Only the lower walls of the north and south porticos remain, but archaeologists have identified them as housing rooms for temple business. Of the colonnades, the south is the best-preserved with the original unweathered cream colour of the stone visible now it is fully excavated.
Little remains of the rest of the colonnade and wall of the sacred precinct, leaving the ruins of the temenos exposed to the rest of Jerash rather than sequestered as they were in antiquity.
The courtyard of the temenos was originally paved, but its stone was stripped when the sanctuary was finally abandoned in the fifth century AD. The remains of Byzantine and Umayyad kilns cutting into the earlier archaeology reveal that it subsequently became a pottery yard. But the focal point of the whole sanctuary, the temple of Artemis, remained unmolested.
The Roman Temple and Cella of Artemis
The temple lies at the back of the temenos, built on a raised platform that elevated it above its surroundings and accessed via a stairway that remains today.
Underneath the building was a barrel-vaulted crypt, which left the temple floor at an uneven height. A stairway to the adyton — the restricted area of the cella that contained the cult statue — helped disguise this sudden change in then the floor level as well as create a dramatic approach to the shrine of the goddess.

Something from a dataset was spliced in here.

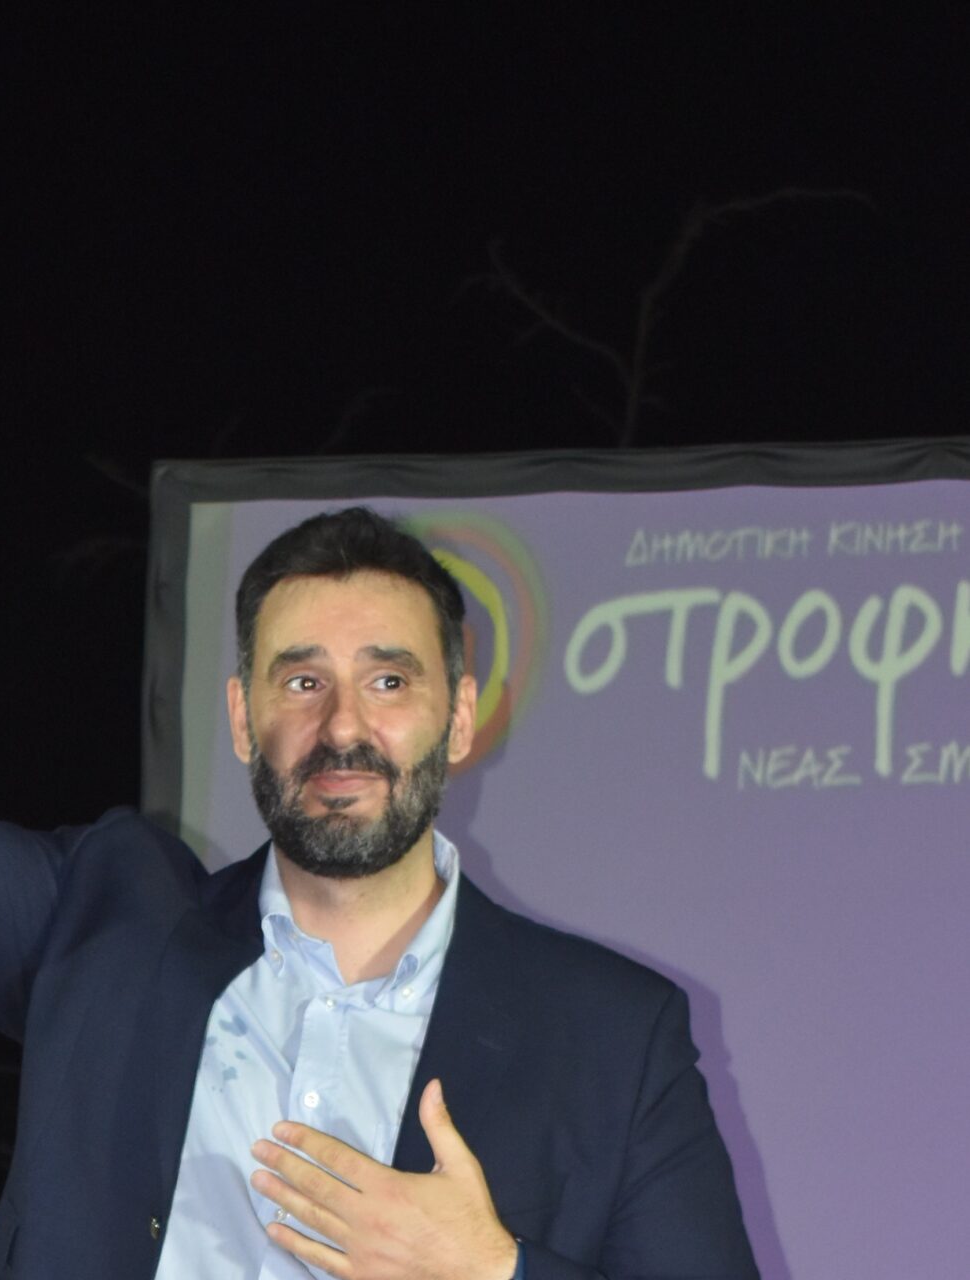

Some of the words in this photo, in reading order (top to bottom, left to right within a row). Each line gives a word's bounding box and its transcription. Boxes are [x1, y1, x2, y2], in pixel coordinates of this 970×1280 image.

Although ruined, the remains of the adyton and the niche for the goddess’s statue survives. Bolt holes on the walls indicate that marble slabs lined both, before this decorative was removed and incorporated into Jerash’s Christian churches.

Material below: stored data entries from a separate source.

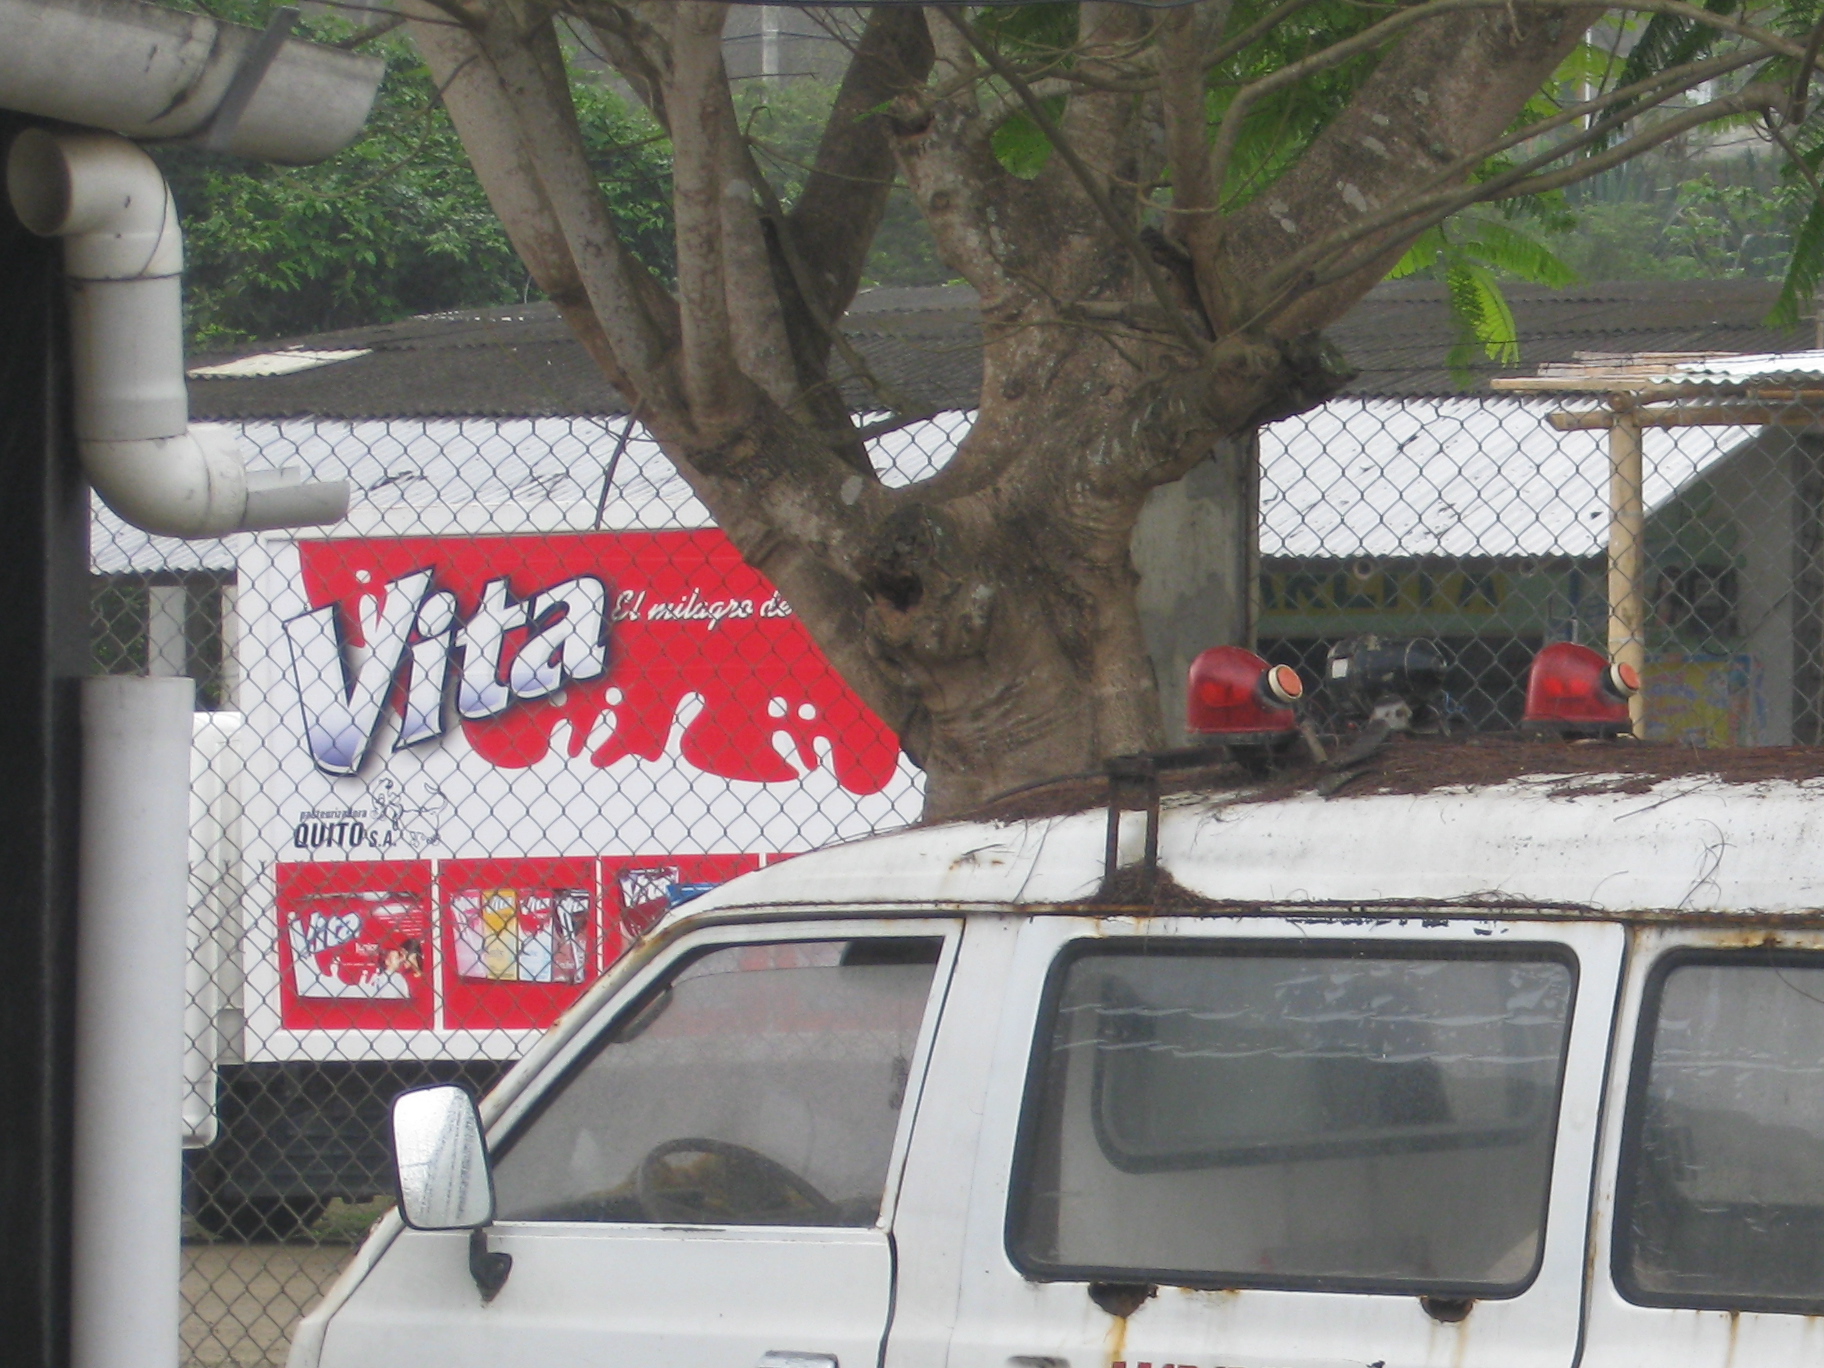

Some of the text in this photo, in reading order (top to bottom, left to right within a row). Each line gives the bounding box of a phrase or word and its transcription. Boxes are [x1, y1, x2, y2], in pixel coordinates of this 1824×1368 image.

[611, 587, 793, 631] El milagro de
[282, 564, 607, 777] Vita
[294, 821, 397, 849] QUITO S.A.
[299, 808, 368, 820] pasteurizadora
[287, 910, 362, 956] Vita

A line of columns surrounded the temple — 11 on the long sides and six on the short sides, while the east-facing main entrance faced east was marked by a colonnade three columns deep. Niches with a Nabatean element flanked the doorway — the one clue to the indigenous origins of the classically named goddess within.
The columns show how the temple’s architect designed it to withstand natural hazards. The high position of the temple exposed it to high winds, and Jerash’s region was subject to earth tremors, so the columns were designed to be flexible and sway. The movement of these “dancing columns” can be seen today by wedging a spoon between the blocks and watching it move up and down as the columns subtly sway.
Despite these measures, an earthquake did finally destroy the sanctuary. Fortunately, the capitals of the temple’s colonnade remained undamaged — curious, considering they should have been affected by the falling masonry of the entablature above them, suggesting this may not have been in place at the time of the earthquake.
Archaeologists have recovered surviving parts of this entablature from Jerash’s churches, where it was reused, but the fragments are incomplete. This suggests that not only was the entablature never raised; it may not have been completed. So it could be that, despite its magnificence and undoubted importance to Jerash, the Roman temple of Artemis was never finished.
Resources
Browning, I, 1982. Jerash and the Decapolis. Chatto & Windus: London
Gates, C, 2003. Ancient Cities: The Archaeology of Urban Life in the Near East and Egypt, Greece and Rome. London: Routledge
Wharton, A, J, 1995. Refiguring the Post Classical City-Duras Europos, Jerash, Jerusalem and Ravenna. Cambridge University Press.